Although some physicians might love the time-consuming administrative tasks that help make a successful patient visit, Suki recently raised a $55M Series C round to help develop AI-enabled voice tools for those that don’t.
As of the latest funding, the company has raised a total of $95M to support the development of Suki Assistant, its voice-first digital assistant, and Suki Speech Service, its platform designed to improve the accuracy and experience of voice solutions.
- Suki uses natural language processing to create patient notes and streamline administrative tasks, such as retrieving information from the EHR or ICD-10 coding.
- The digital assistant supports doctors “in any clinical setting, as well as any specialty,” and can be configured with personalized commands to adapt to unique workflows.
- Early research shows that the assistant lowers average time per note by 76%, while decreasing claim denials by 19% through the creation of detailed documentation.

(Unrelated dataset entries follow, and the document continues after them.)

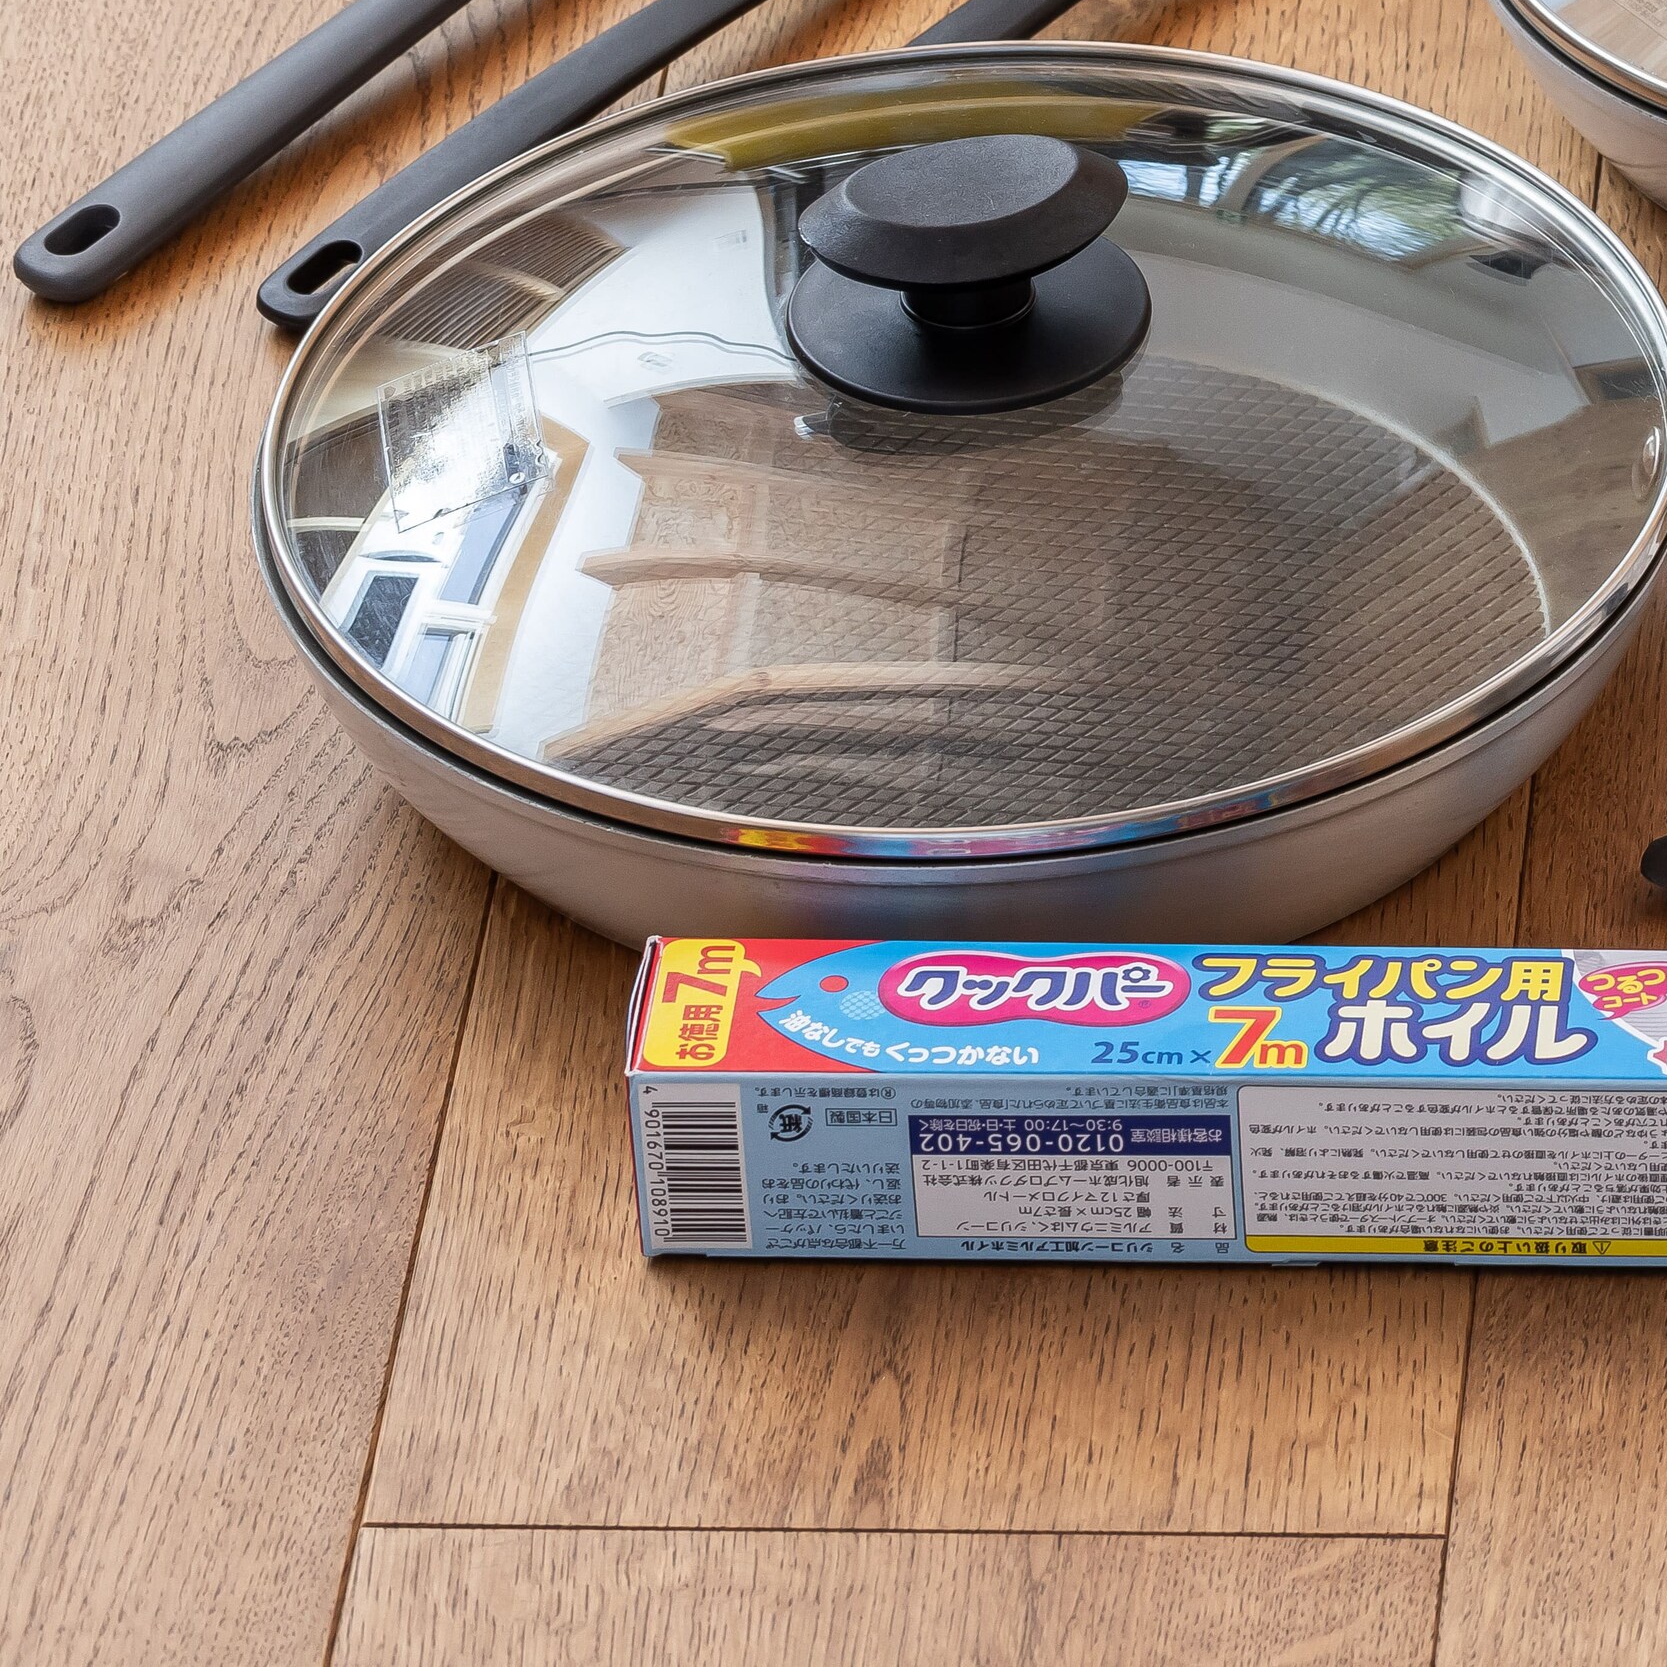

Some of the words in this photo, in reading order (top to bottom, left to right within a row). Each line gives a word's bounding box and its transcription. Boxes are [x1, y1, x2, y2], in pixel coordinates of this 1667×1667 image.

[1202, 955, 1562, 1001] フライパン用
[1602, 992, 1657, 1008] コート
[1329, 1001, 1587, 1061] ホイル
[919, 1133, 1124, 1153] 0120-065-402
[1131, 1128, 1222, 1143] お客様相談室

- Voice is quickly entering the healthcare spotlight, with Notable raising a $100M Series B in September and Microsoft acquiring Nuance for nearly $20B earlier this year.
The accuracy of voice recognition has crossed a threshold that allows it to be effective in a growing number of consumer products, as well as in healthcare. These tools can now understand a speaker’s intent regardless of most accents or phrasing, leading to wider adoption within previously difficult use cases.
In a roundabout way, Suki is taking a tech-heavy approach to making technology less visible, removing it from between the doctor and the patient so that more attention can be given to providing clinical care. Taking advantage of voice is a natural way to accomplish this, giving Suki a good shot at reducing burnout by allowing more time for physicians to actually practice medicine.